A Brotherly Love Supreme: Five Historically Underrated Philadelphians

This edition of The Five Spot is inspired by a question posed to me by the humble narrator, Danny Foxworth of At The Plate With Danny Foxworth and Since We Last Spoke podcasts, during a guest appearance we cut last week.

“Who is one Philadelphian you feel doesn’t get the credit they deserve?”

It’s an inquiry that will get your wheels turning.

While if you love the city like so many of us do, you know it contains multitudes.

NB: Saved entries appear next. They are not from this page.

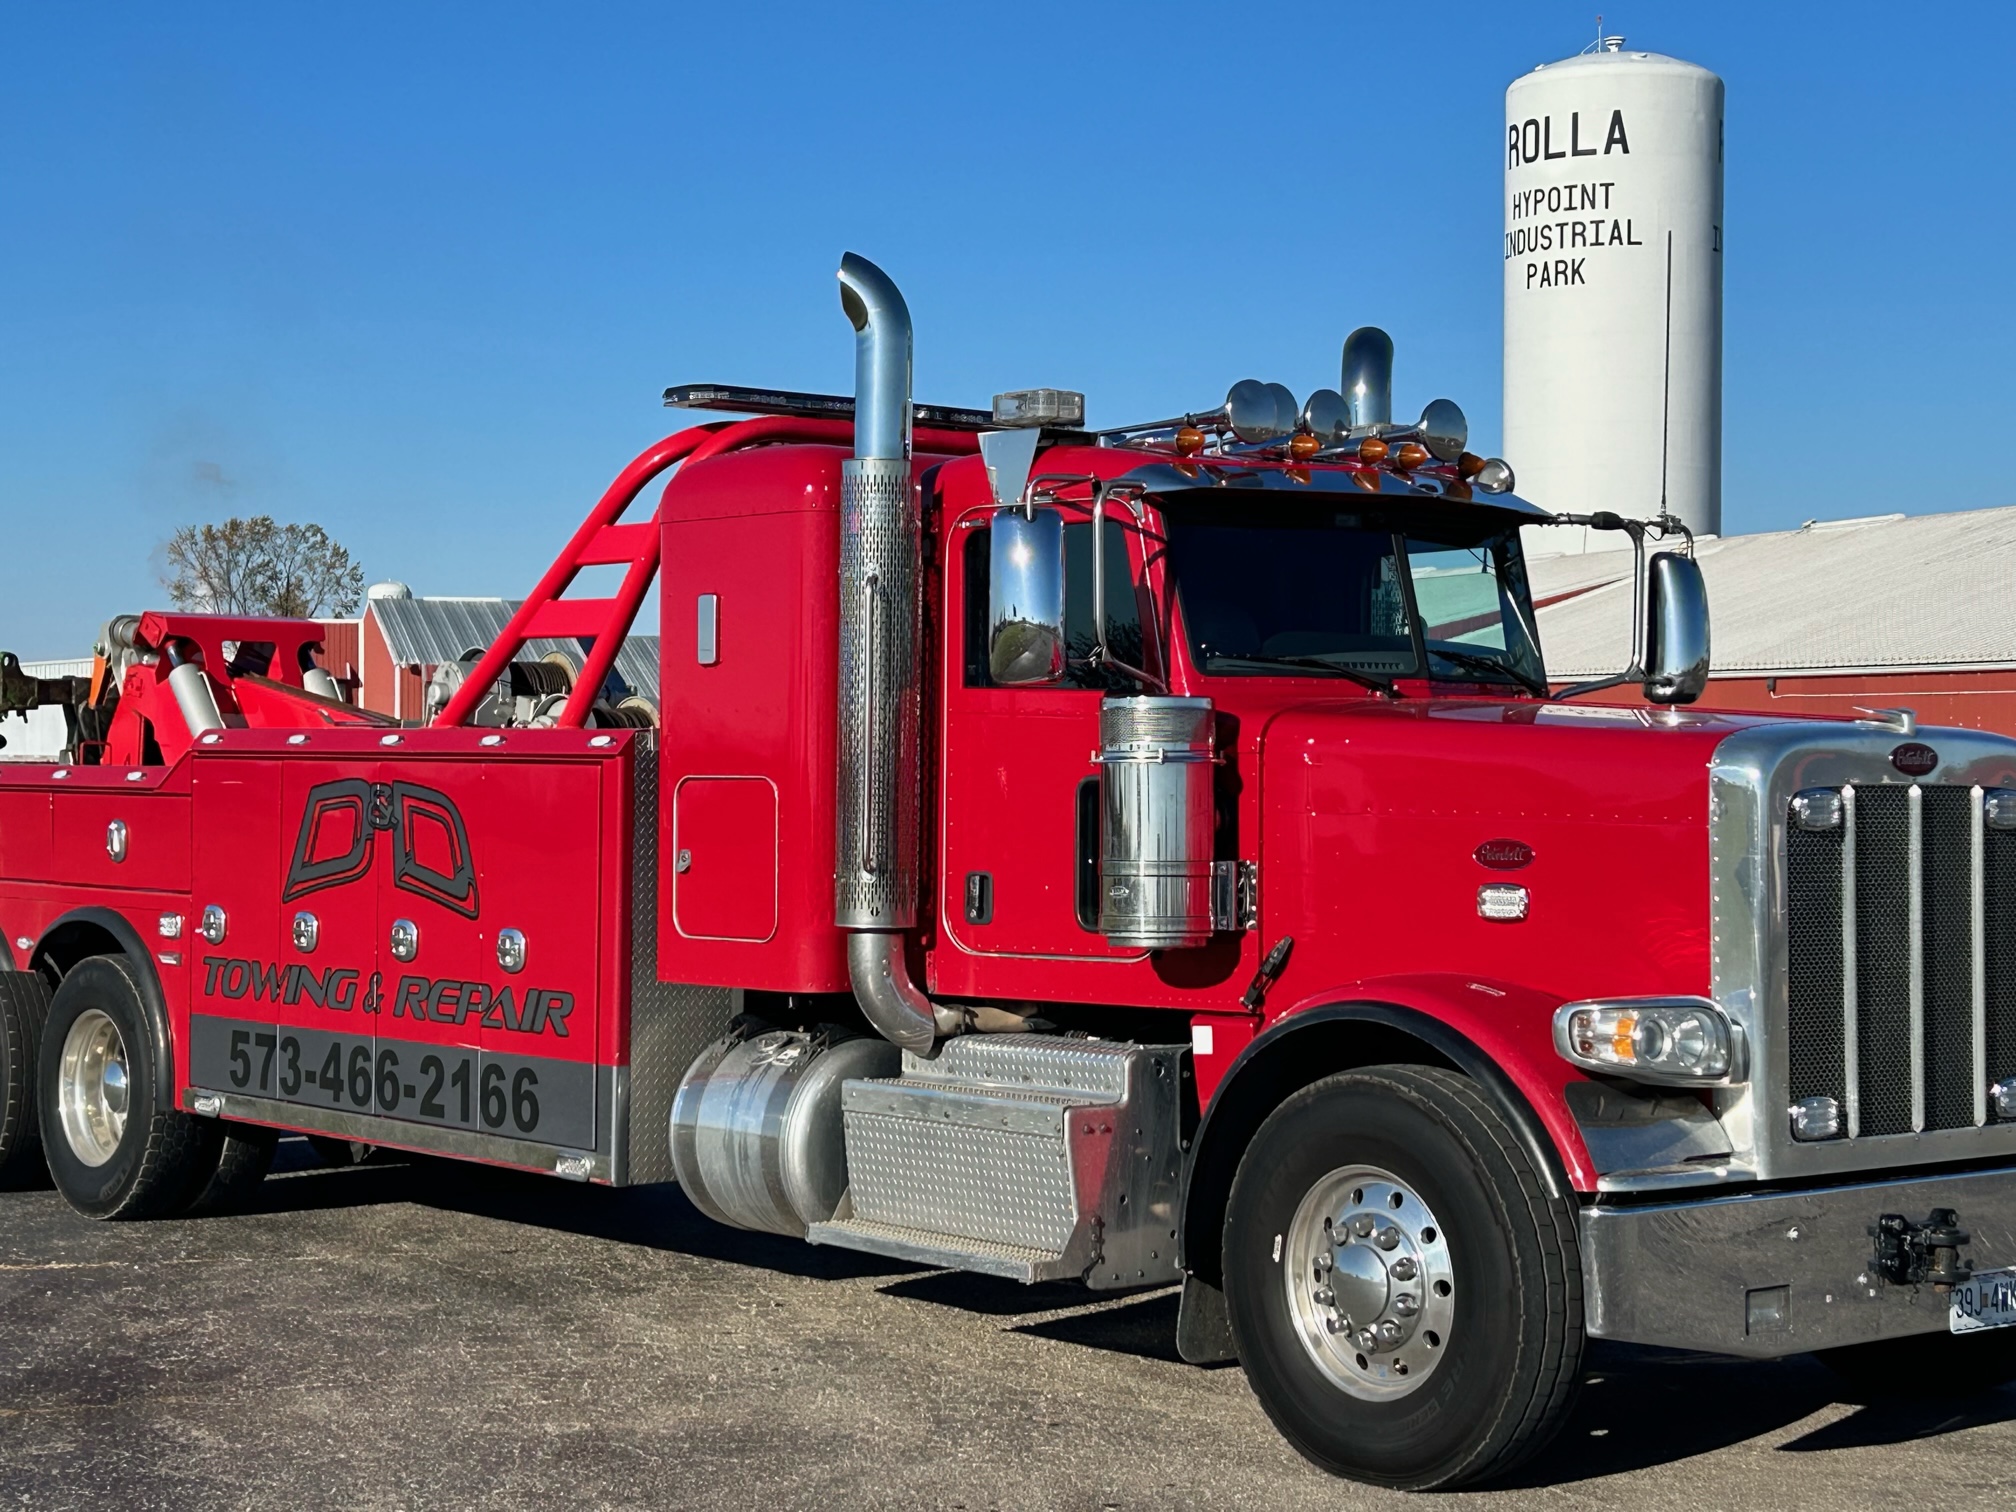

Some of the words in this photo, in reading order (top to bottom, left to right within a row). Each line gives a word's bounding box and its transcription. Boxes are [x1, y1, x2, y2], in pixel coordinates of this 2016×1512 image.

[1508, 109, 1630, 170] ROLLA
[1513, 182, 1615, 220] HYPOINT
[1505, 218, 1643, 260] INDUSTRIAL
[1526, 257, 1586, 290] PARK
[282, 777, 480, 921] D&D
[203, 956, 359, 1011] TOWING
[363, 971, 385, 1015] &
[393, 975, 575, 1038] REPAIR
[229, 1029, 540, 1133] 573-466-2166

Philadelphia is the city where America was officially put to paper, among other things.

So considering everything to happen since, aren’t “Philly” and “underrated”, inherently, sort of a dueling combination of culturally oxymoronic municipality tautology?

Long story short?

Probably.

So what’s underrated aligned with the Soul of a City who created its own brand of Soul?

Twice.

To borrow a phrase from a Smokey & The Miracles intro, “all right now, here we go”:



Tammi Terrell

I’m gonna start at my favorite. Favorite person that comes to mind when I have a chance to think about the question of “Most Underrated Philadelphian?”. Favorite female voice in Motown history (send The Boss and Gladys my apologies). Favorite example of performing triumphantly staring down relentless tragedy. Tammi Terrell, born Thomasina Winifred Montgomery, truly embodies all these.

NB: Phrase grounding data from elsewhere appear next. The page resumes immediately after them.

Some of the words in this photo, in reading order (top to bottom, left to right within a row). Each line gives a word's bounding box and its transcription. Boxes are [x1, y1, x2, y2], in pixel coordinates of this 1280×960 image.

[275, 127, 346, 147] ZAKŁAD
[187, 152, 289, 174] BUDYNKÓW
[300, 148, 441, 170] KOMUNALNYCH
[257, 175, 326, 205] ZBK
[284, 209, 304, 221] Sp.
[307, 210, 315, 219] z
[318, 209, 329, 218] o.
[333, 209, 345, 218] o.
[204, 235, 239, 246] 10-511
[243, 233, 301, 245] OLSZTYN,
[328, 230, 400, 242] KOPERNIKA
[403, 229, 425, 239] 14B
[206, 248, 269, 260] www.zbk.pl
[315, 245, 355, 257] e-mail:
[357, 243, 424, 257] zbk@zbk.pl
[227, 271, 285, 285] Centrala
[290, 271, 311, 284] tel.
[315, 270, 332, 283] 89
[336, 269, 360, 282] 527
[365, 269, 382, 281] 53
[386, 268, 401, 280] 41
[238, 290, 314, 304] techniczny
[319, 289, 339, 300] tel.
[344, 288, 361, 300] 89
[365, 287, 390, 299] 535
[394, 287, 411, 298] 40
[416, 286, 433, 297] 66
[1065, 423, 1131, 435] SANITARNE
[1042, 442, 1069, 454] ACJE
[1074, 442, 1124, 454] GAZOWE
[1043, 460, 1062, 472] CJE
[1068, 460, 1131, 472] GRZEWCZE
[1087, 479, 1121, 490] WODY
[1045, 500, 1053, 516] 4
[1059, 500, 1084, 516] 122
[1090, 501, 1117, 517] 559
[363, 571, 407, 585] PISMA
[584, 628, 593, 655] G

You may not know that name automatically. But you surely recognize a few of the classic songs she had done as part of a dynamic duo with Marvin Gaye before turning 21.

“Ain’t No Mountain High Enough”
“You’re All I Need To Get By”
“Ain’t Nothing Like The Real Thing”
“Your Precious Love”

We will never know how hard it was to get there. Born in Philadelphia days after WWII ended, to a working-class family of a barber father and mentally ill mother expecting a boy they’d name Tommie. They went with Thomasina. She segued into Tammie. Tammie at 11 was raped by three neighborhood boys walking home from school one day. Tammie left off an ‘e’ then to become Tammi. As a bright student who became the first black woman accepted on an academic scholarship to UPENN for the Pre-Med program, Tammi possessed an even brighter voice. Her first professional record came at 15. She graduated from Germantown High upon being recruited to join James Brown’s revue at 17. She fell into a relationship with the Godfather of Soul then later fled following a vicious beating that made her decide to save her own soul, only months after her country belatedly granted the black people who helped build this place their right to vote.  

But that’s a struggle that goes on every day. What was unique and otherworldly was that voice. A voice that had her attending UPENN while on the road with the Temptations putting up with David Ruffin. That voice had her signed to Motown on literally her twentieth birthday. That voice, coupled with its incumbent Philly Girl spirit, is what captivated a young Marvin Gaye, giving him and them an artistic liftoff for the growing legend of the Motown label as its flagship male/female duo.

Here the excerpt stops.